Common Artifacts and Their Causes
Ultrasound artifacts arise from predictable interactions between sound and tissue and recognizing them prevents misdiagnosis and reduces unnecessary follow up. Acoustic shadowing occurs behind calcified structures and stones and can obscure deeper anatomy while enhancement appears distal to fluid filled structures and can mimic low attenuation lesions. Reverberation and mirror image artifacts result from strong reflectors and from multiple reflections and may create spurious structures. Anisotropy affects tendon imaging when the beam is not perpendicular to fibers and can mimic tears. Understanding the physical cause of each artifact guides corrective maneuvers and improves diagnostic accuracy.
Practical Troubleshooting Strategies
Troubleshooting begins with simple adjustments such as changing probe angle to reduce anisotropy increasing or decreasing frequency to balance resolution and penetration and applying graded compression to displace bowel gas. Using alternative acoustic windows and patient positioning can reveal obscured anatomy and reduce shadowing. Adjusting time gain compensation and overall gain helps balance near and far field brightness and using harmonic imaging or spatial compounding can reduce speckle and improve contrast. For Doppler artifacts adjusting scale baseline and wall filter settings reduces noise and prevents misinterpretation. Systematic problem solving and documentation of successful strategies build team knowledge and reduce repeat imaging.

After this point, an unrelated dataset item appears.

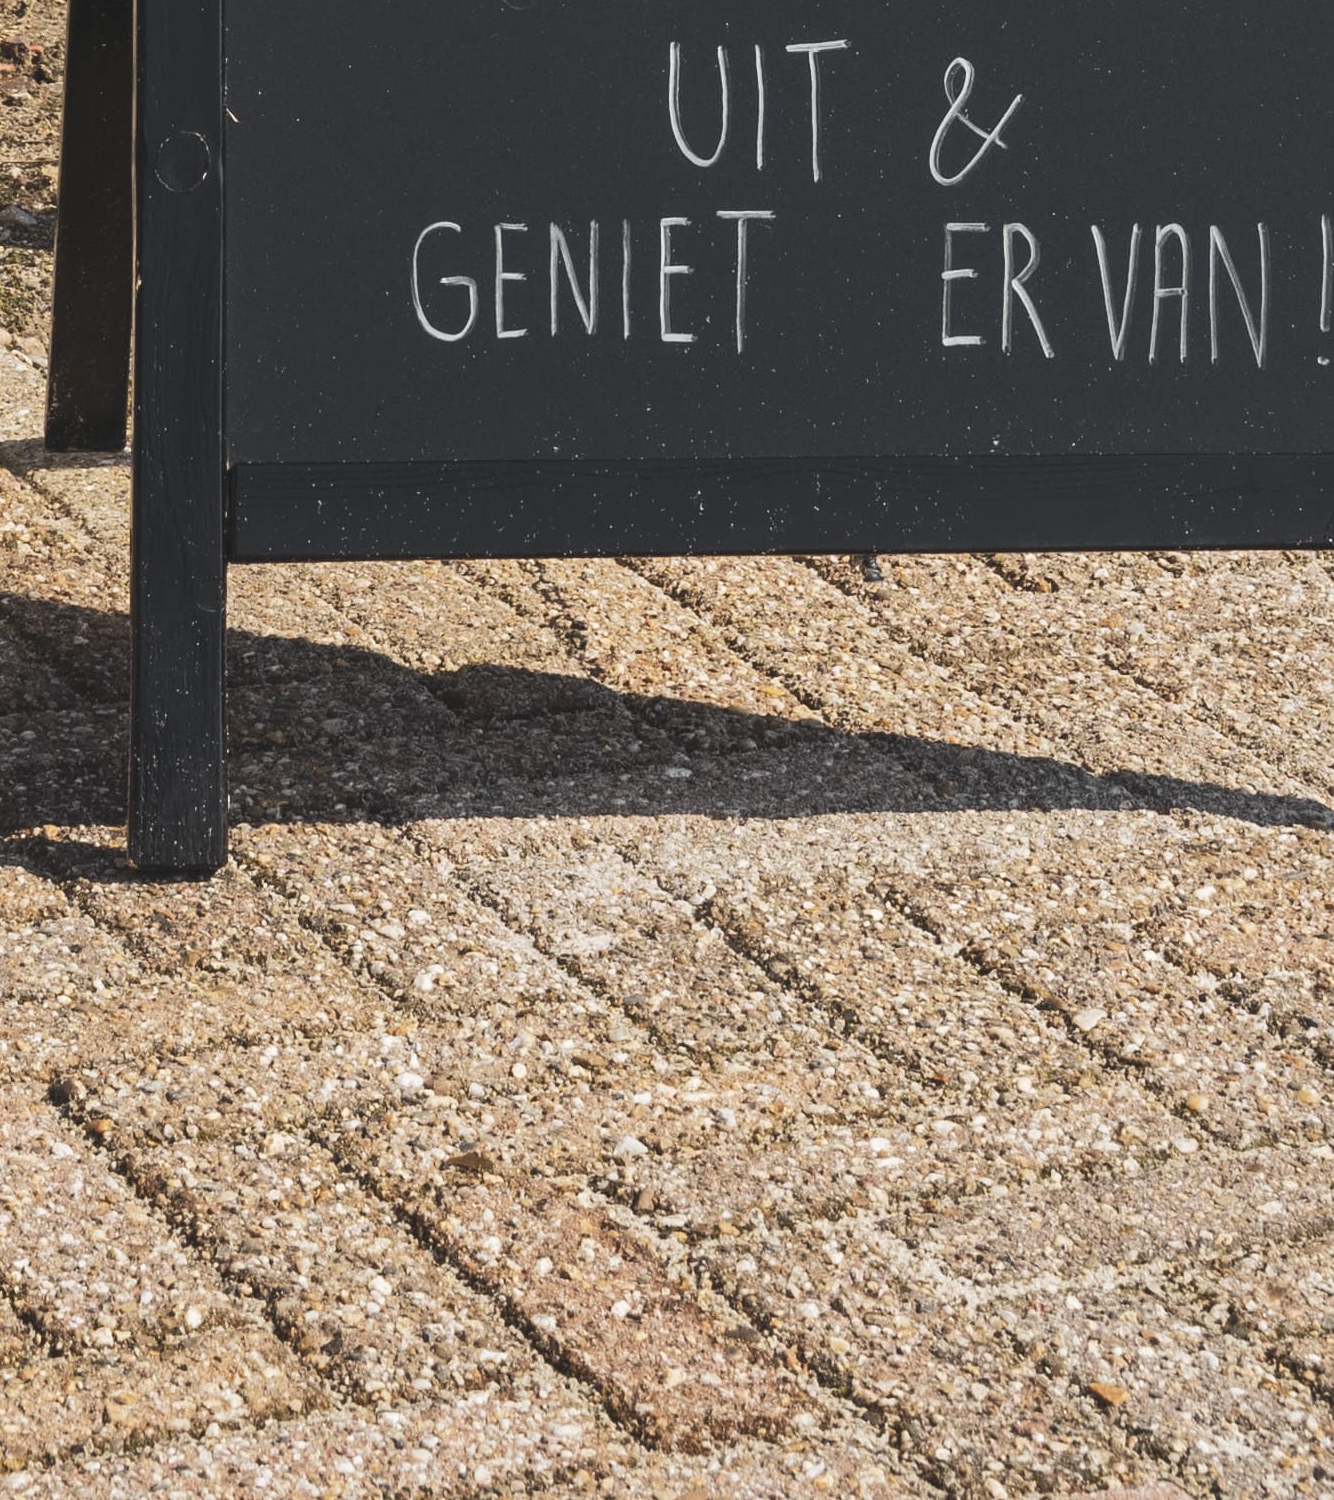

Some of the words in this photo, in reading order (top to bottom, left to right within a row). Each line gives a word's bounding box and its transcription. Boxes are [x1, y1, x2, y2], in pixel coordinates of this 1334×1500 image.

[669, 39, 852, 183] UIT
[928, 56, 1023, 186] &
[409, 208, 776, 353] GENIET
[939, 221, 1054, 358] ER
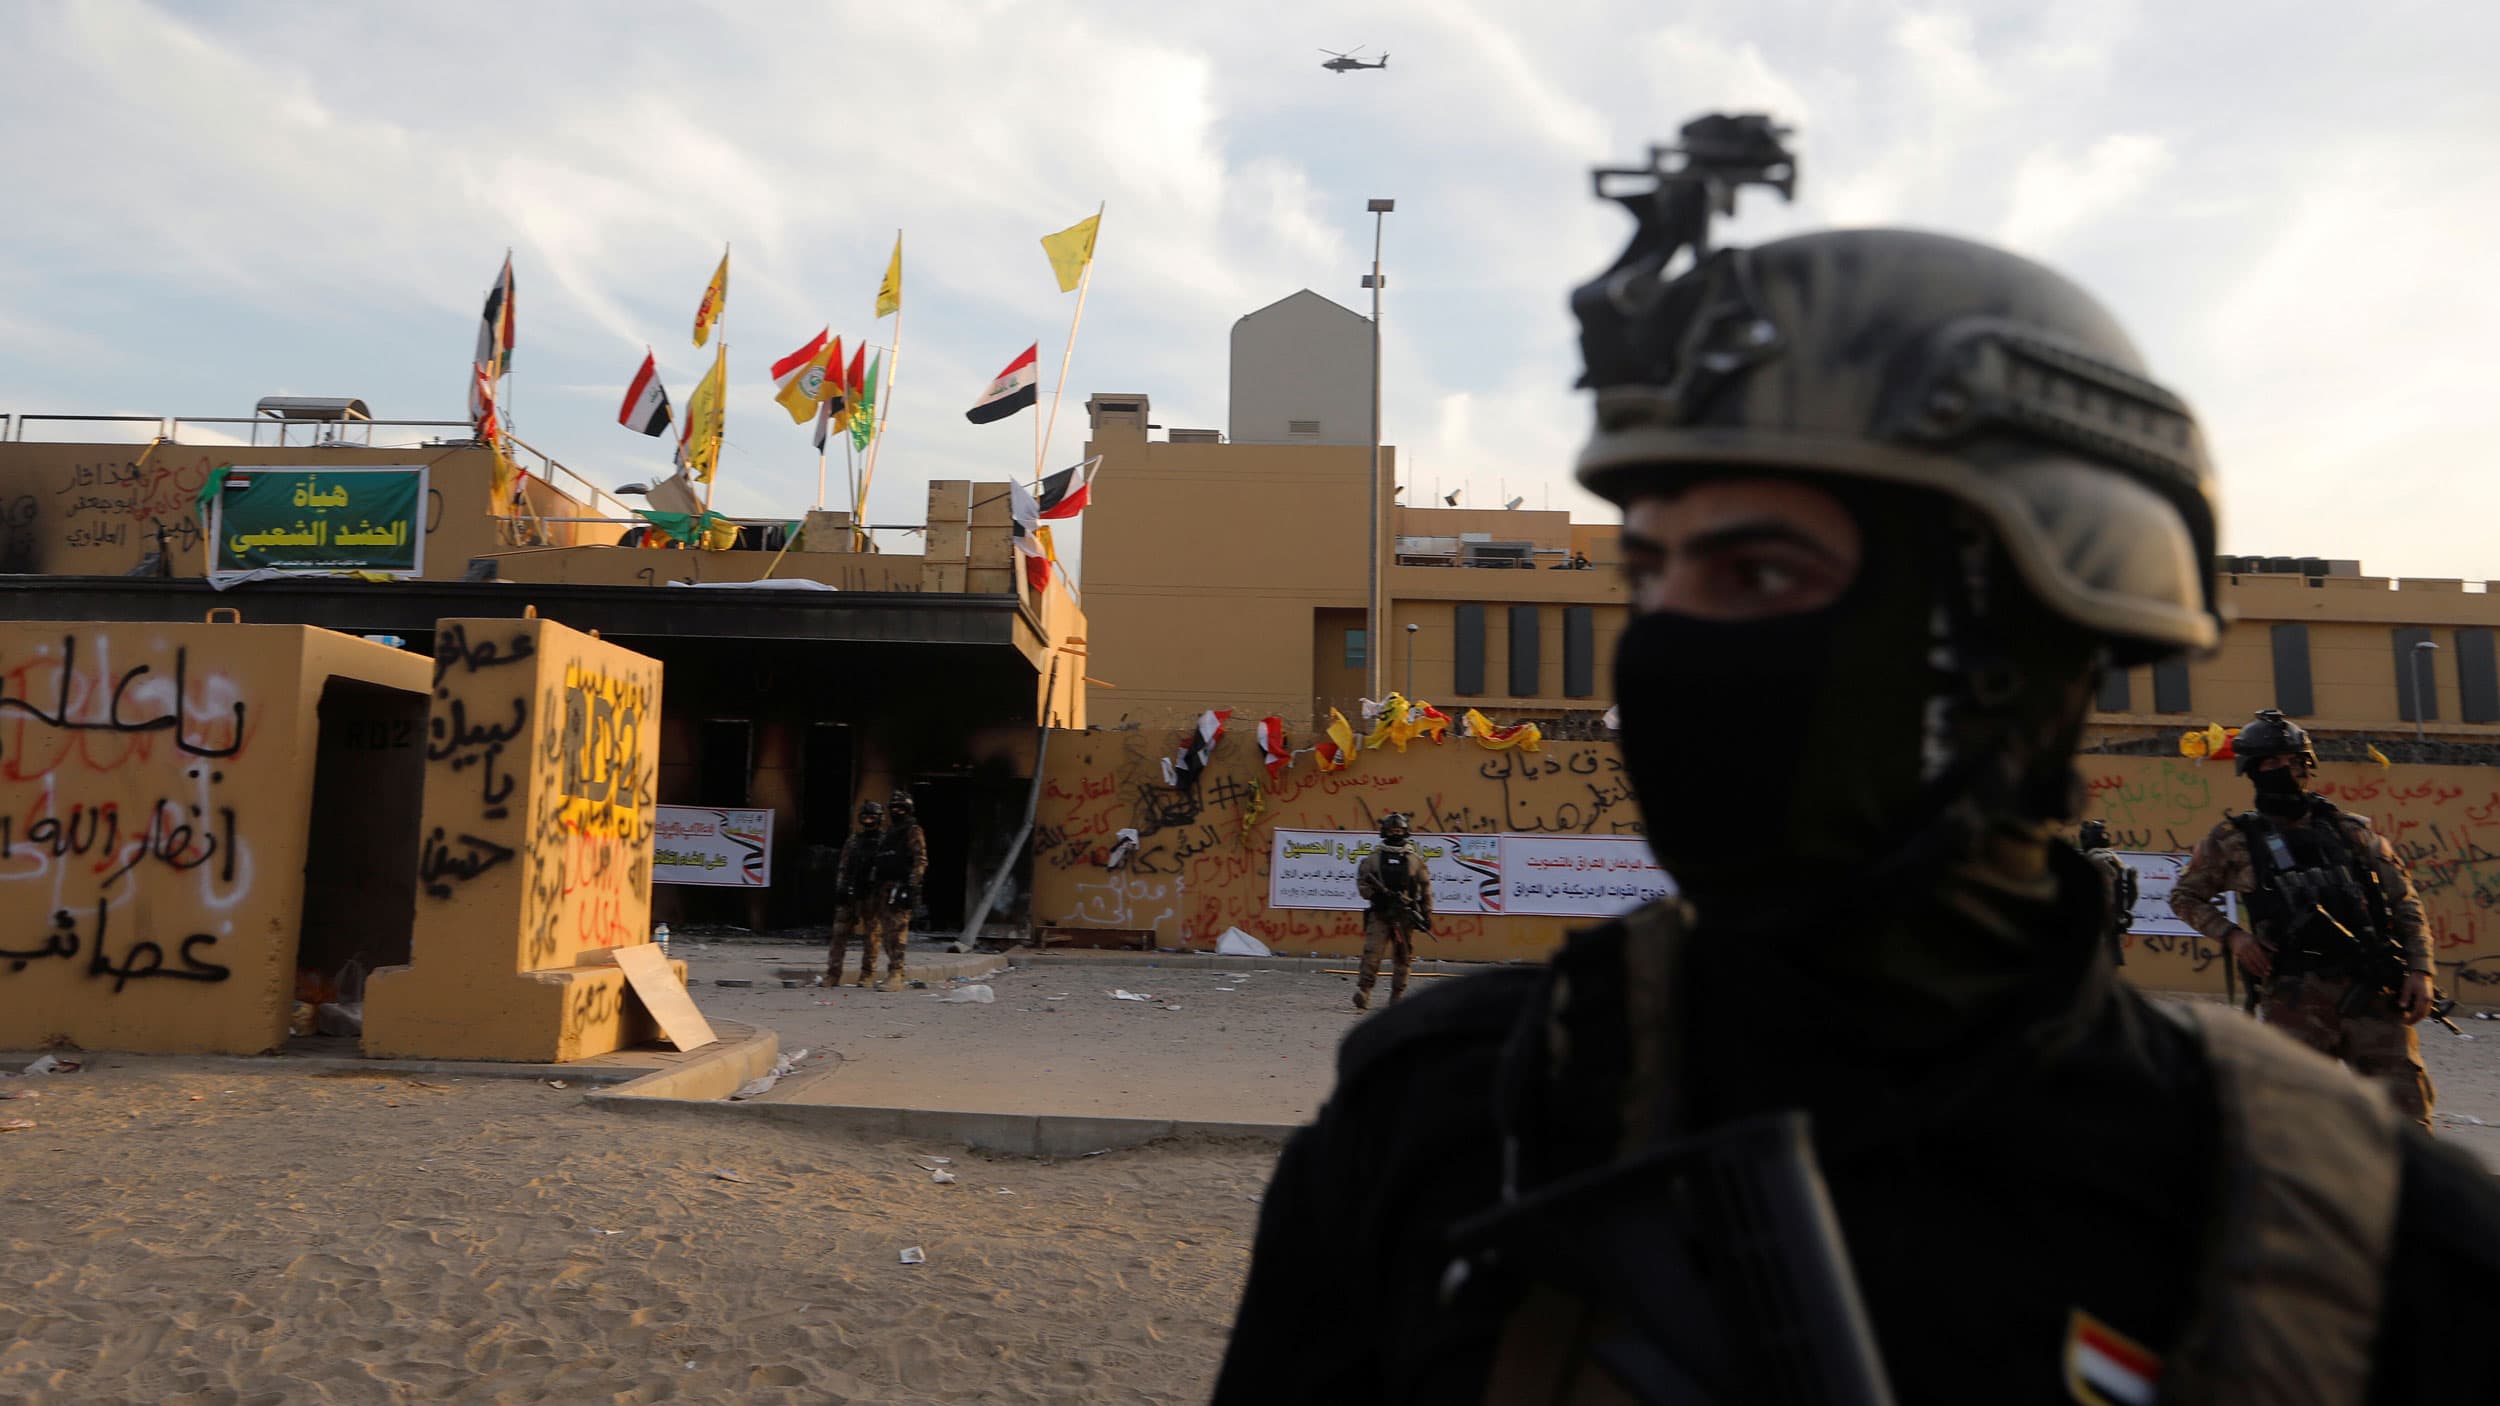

Quality Assurance and Training
Artifact reduction benefits from ongoing training and from periodic review of common error patterns in peer feedback sessions. Simulated cases and annotated image libraries that show artifacts and corrective steps accelerate learning for new technologists. Quality assurance programs that track repeat rates and that correlate repeats with artifact types identify equipment or technique issues that require remediation. Collaboration with vendors and with medical physics supports acceptance testing and optimization of system presets to minimize artifact while preserving diagnostic detail.